Selain itu, ia menilai kesadaran korporasi terhadap penghormatan hak asasi manusia masih perlu diperkuat. Dalam konteks global, perusahaan didorong untuk menerapkan prinsip Bisnis dan HAM (Business and Human Rights) melalui mekanisme uji tuntas hak asasi manusia atau Human Rights Due Diligence. Pendekatan tersebut bertujuan mencegah pelanggaran HAM dalam aktivitas bisnis yang berkaitan dengan pemanfaatan sumber daya alam. Namun hingga kini belum ada regulasi yang secara tegas mewajibkan perusahaan menerapkan kebijakan tersebut.
Di sisi lain, Yance menyampaikan harapan agar proses pembahasan RUU Masyarakat Adat dilakukan secara lebih terbuka dan partisipatif.
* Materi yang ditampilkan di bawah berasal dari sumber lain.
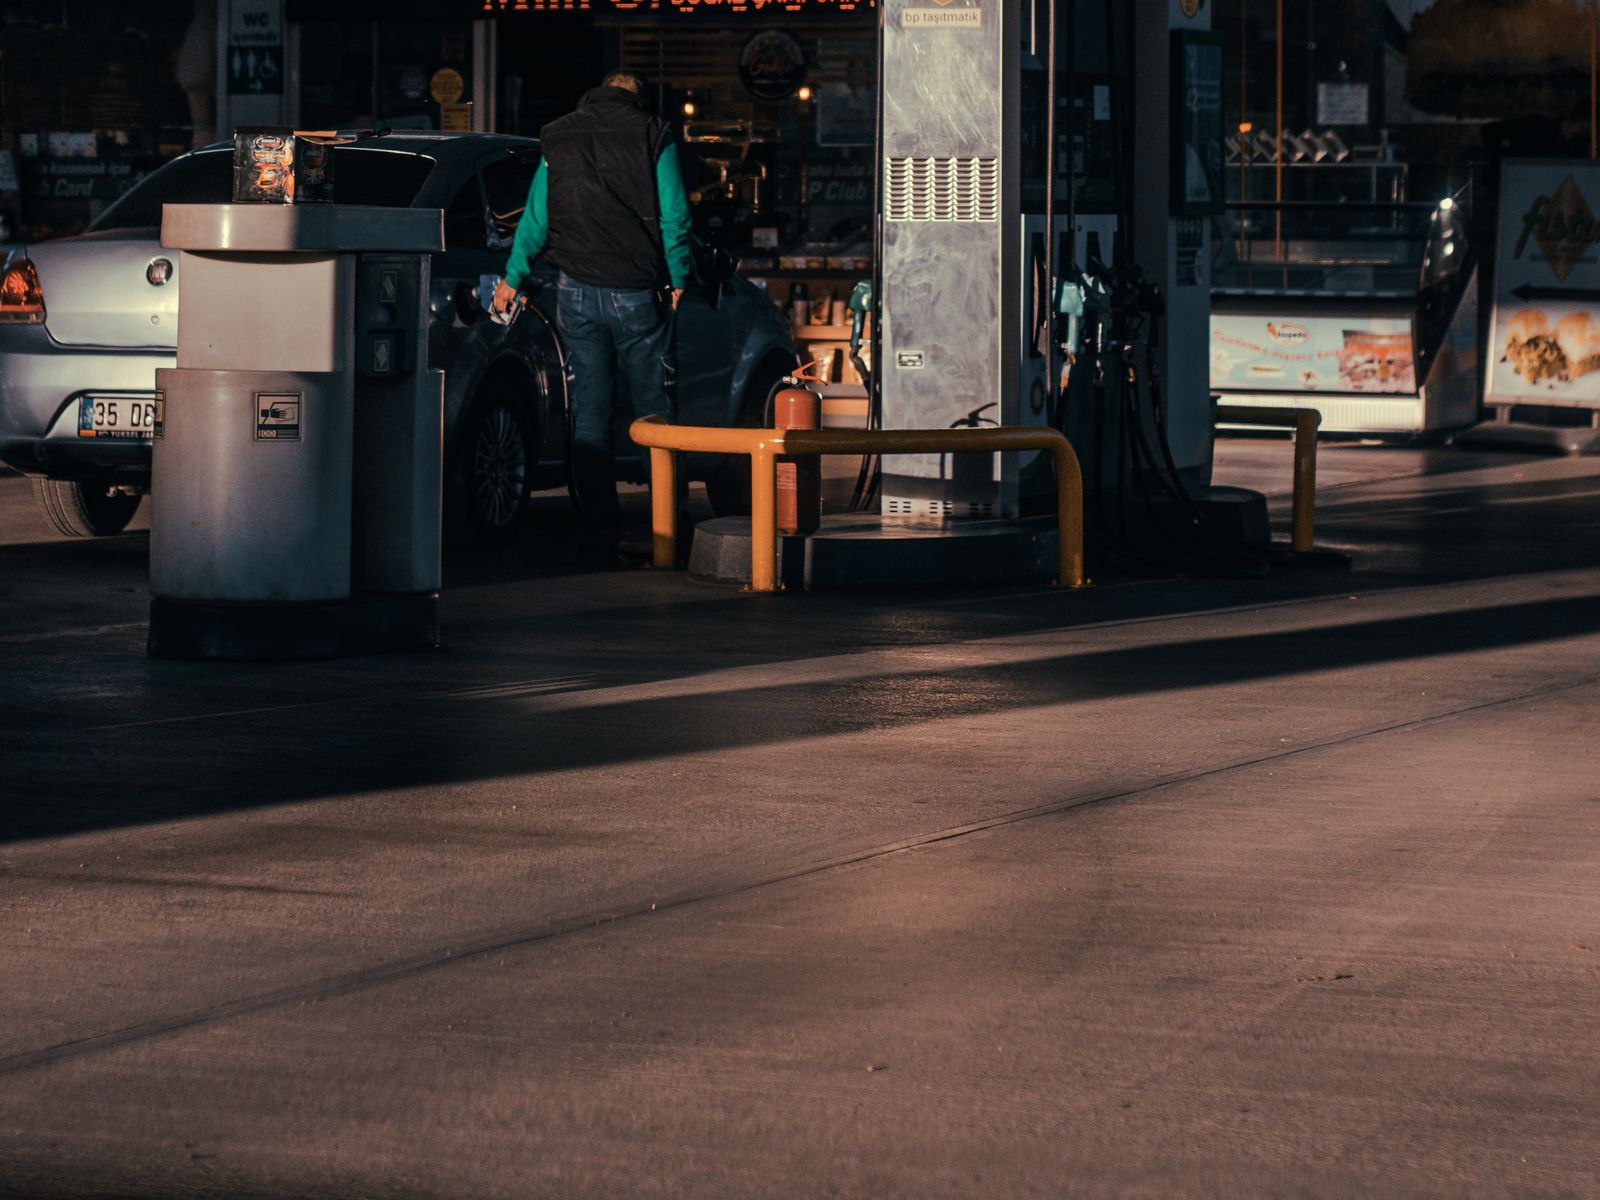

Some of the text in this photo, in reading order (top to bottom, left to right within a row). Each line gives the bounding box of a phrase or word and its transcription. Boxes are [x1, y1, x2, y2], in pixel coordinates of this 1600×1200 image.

[243, 12, 268, 27] WC
[904, 11, 978, 24] bp taşıtmatik
[54, 177, 95, 197] Card
[824, 180, 867, 201] Club
[95, 402, 117, 426] 35
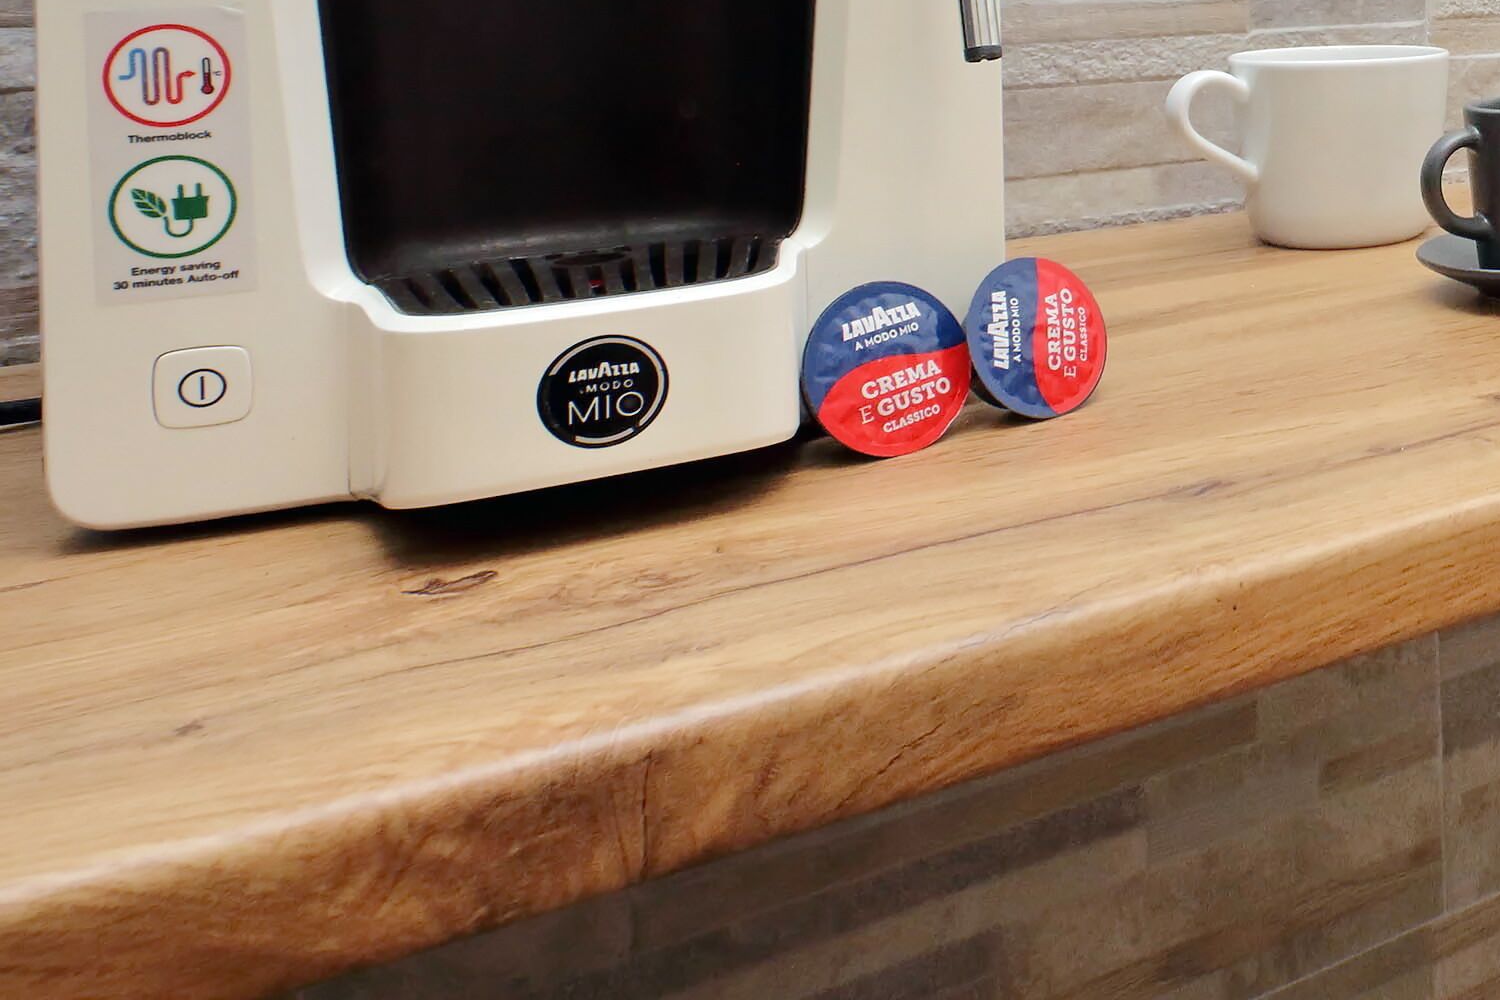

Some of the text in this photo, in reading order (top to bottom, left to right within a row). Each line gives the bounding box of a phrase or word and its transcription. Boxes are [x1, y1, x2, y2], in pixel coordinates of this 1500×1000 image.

[127, 130, 212, 143] Thermoblock
[113, 270, 239, 290] 30 minutes Auto-off
[131, 261, 221, 276] Energy saving
[841, 302, 921, 342] LAVAZZA
[855, 322, 919, 351] A MODO MIO
[987, 290, 1010, 370] LAVAZZA
[1010, 297, 1022, 363] A MODO MIO
[1045, 293, 1062, 371] CREMA
[1059, 288, 1077, 378] E GUSTO
[1077, 306, 1088, 362] CLASSICO
[568, 362, 640, 383] LAVAZZA
[585, 379, 634, 393] MODO
[861, 359, 942, 400] CREMA
[568, 391, 644, 425] MIO
[858, 377, 952, 425] E GUSTO
[882, 404, 941, 433] CLASSICO
Ia menilai DPR dan pemerintah perlu memastikan keterlibatan langsung masyarakat adat dalam setiap tahap pembahasan regulasi tersebut. Menurutnya, proses sosialisasi juga perlu menjangkau berbagai wilayah agar masyarakat adat dapat memahami dan memberi masukan terhadap rancangan undang-undang yang sedang disusun. Selain itu, pembuat kebijakan didorong untuk menghadirkan solusi yang lebih inovatif dengan belajar dari berbagai kelemahan regulasi yang selama ini berlaku. “Dari sisi proses tentu DPR dan Pemerintah harus membuat proses pembentukan UU Masyarakat Adat melalui meaningful participation agar undang-undang tersebut benar-benar menjadi terobosan untuk memerdekakan masyarakat adat dalam mencapai keadilan dan kesejahteraan sosial,” pungkasnya.